### [Source data]
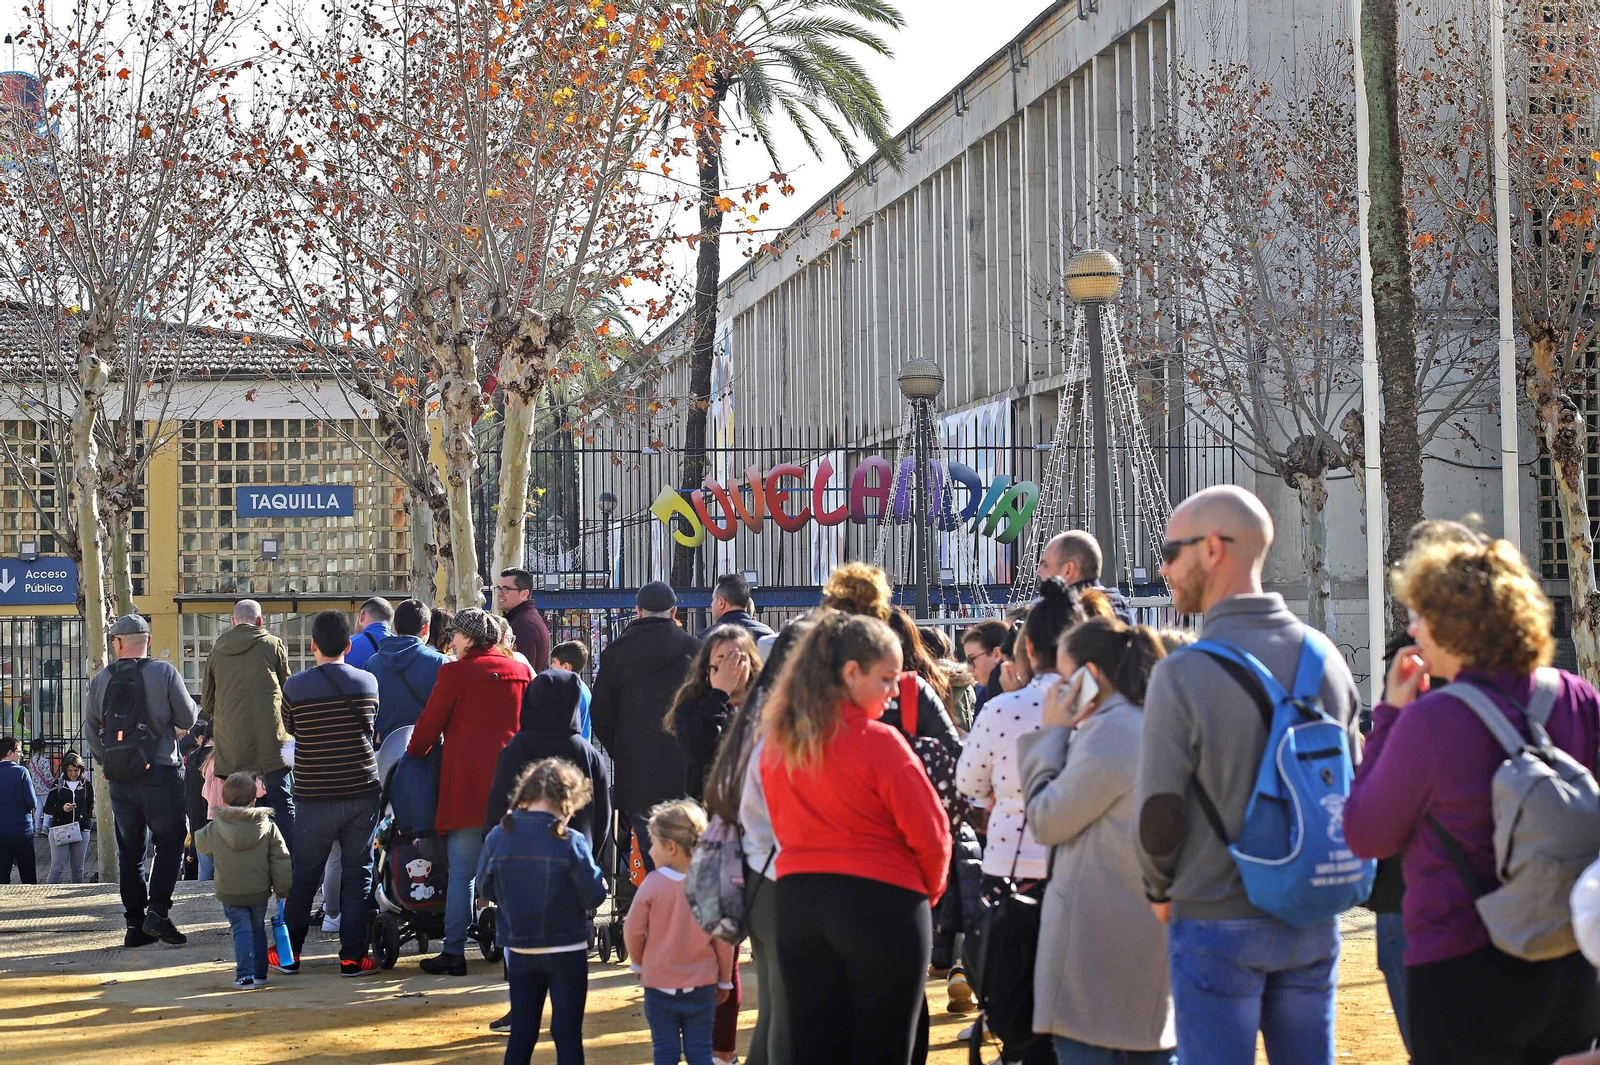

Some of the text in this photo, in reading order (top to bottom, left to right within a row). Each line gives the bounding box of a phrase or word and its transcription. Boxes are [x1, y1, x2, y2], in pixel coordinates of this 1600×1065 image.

[249, 493, 340, 510] TAQUILLA
[650, 455, 1040, 548] JUVELANDIA
[25, 569, 68, 579] Acceso
[25, 582, 64, 593] Público
[544, 593, 624, 604] PROVINCIAL
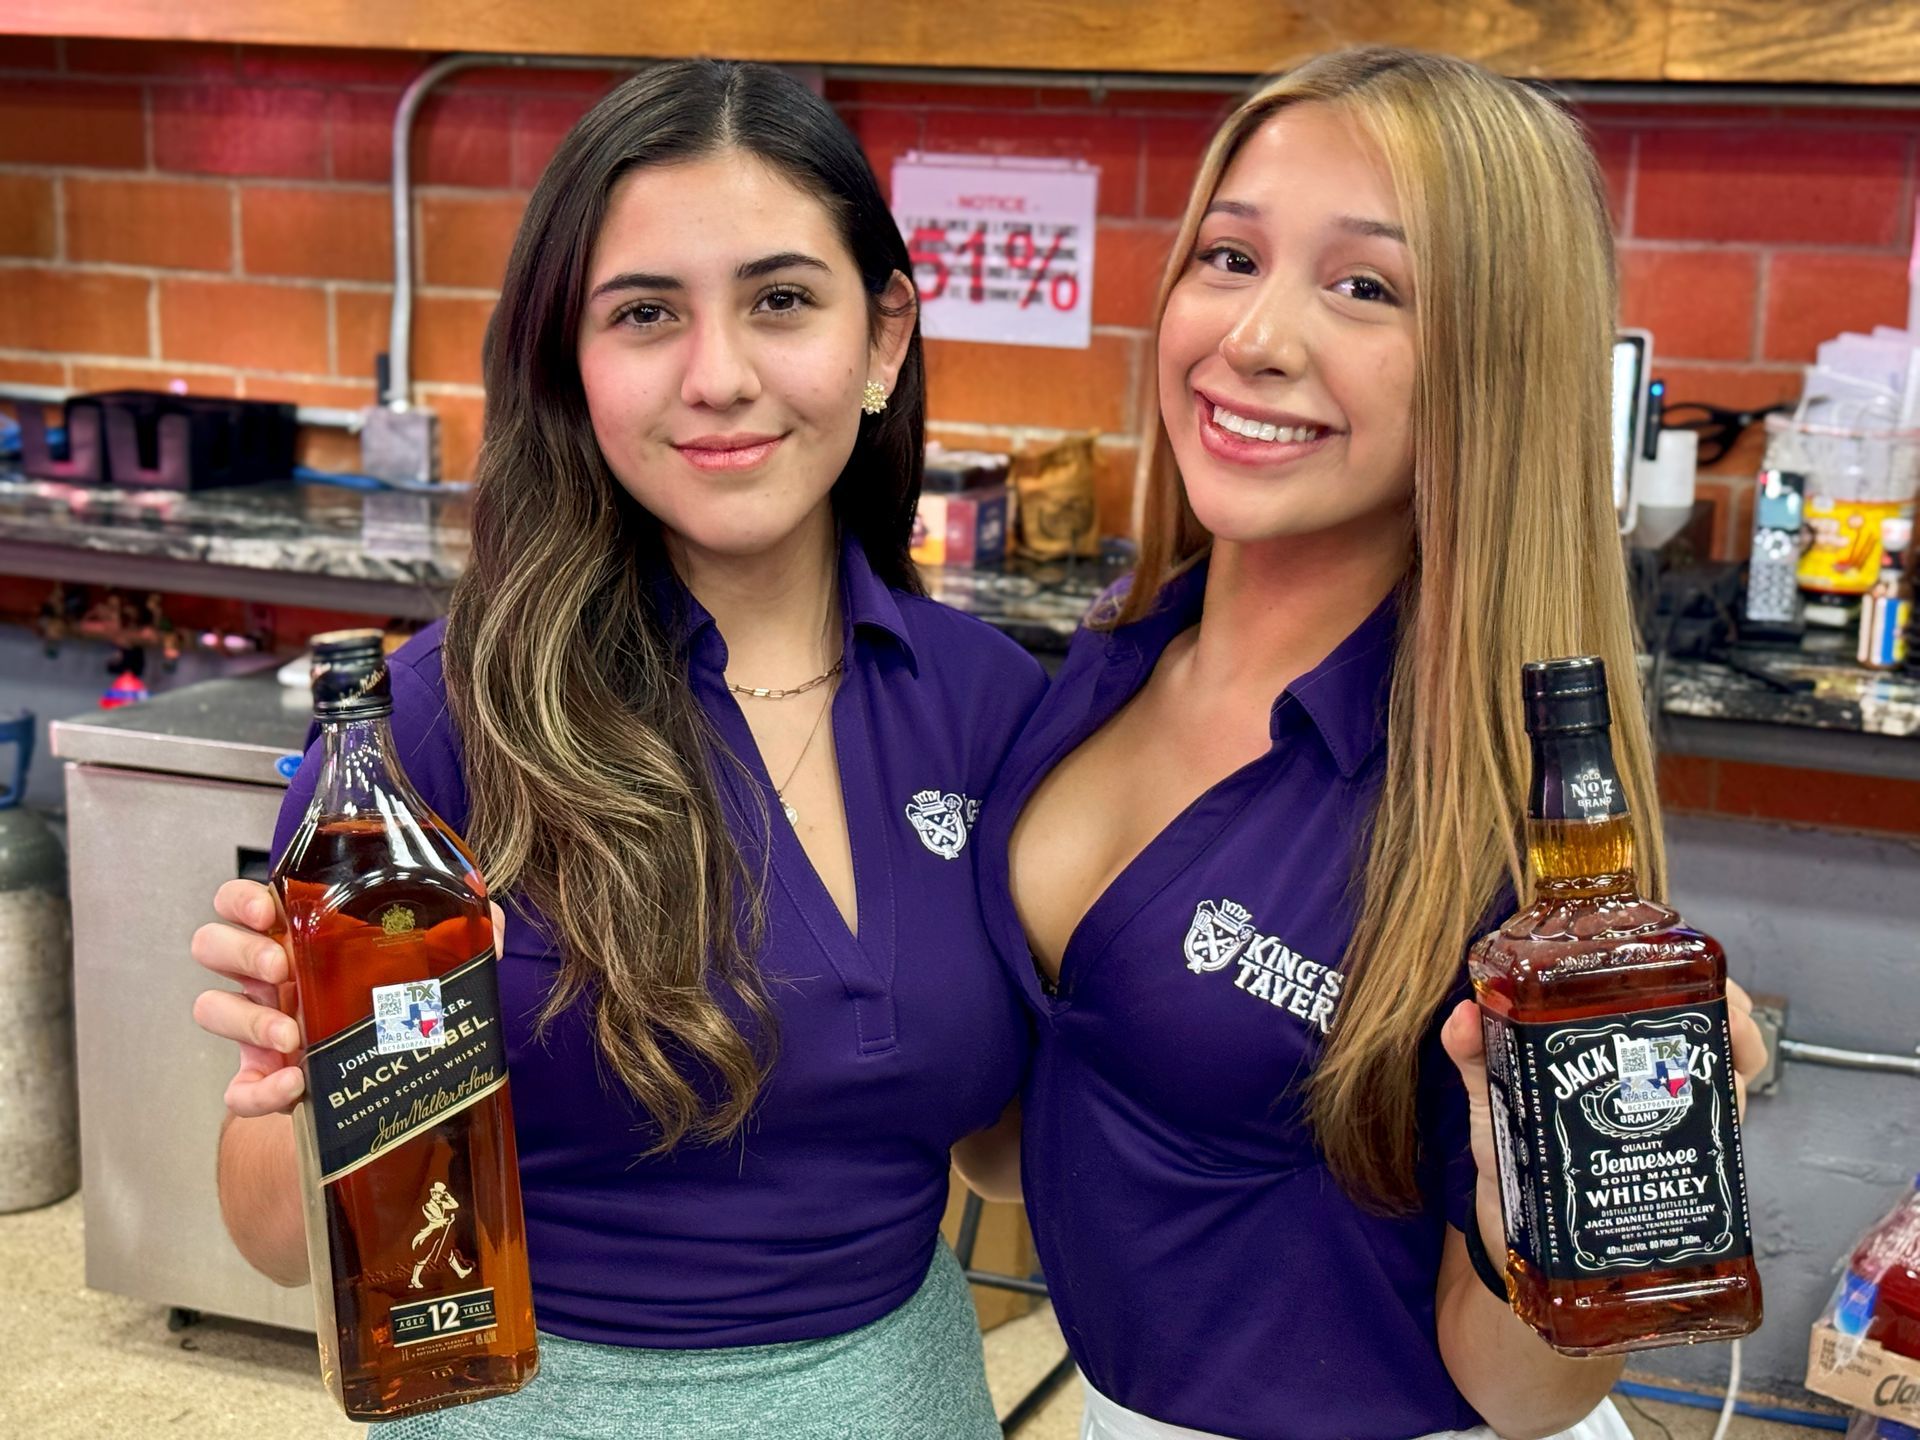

### [Exercise details]
Please give the data above again in exact form and omit every picture.

### [Response below]
Some of the text in this photo, in reading order (top to bottom, left to right within a row). Each line gives the bounding box of a phrase or word and its transcription. Boxes are [x1, y1, x2, y2], in pixel coordinates of this 1600×1065 image.

[249, 493, 340, 510] TAQUILLA
[650, 455, 1040, 548] JUVELANDIA
[25, 569, 68, 579] Acceso
[25, 582, 64, 593] Público
[544, 593, 624, 604] PROVINCIAL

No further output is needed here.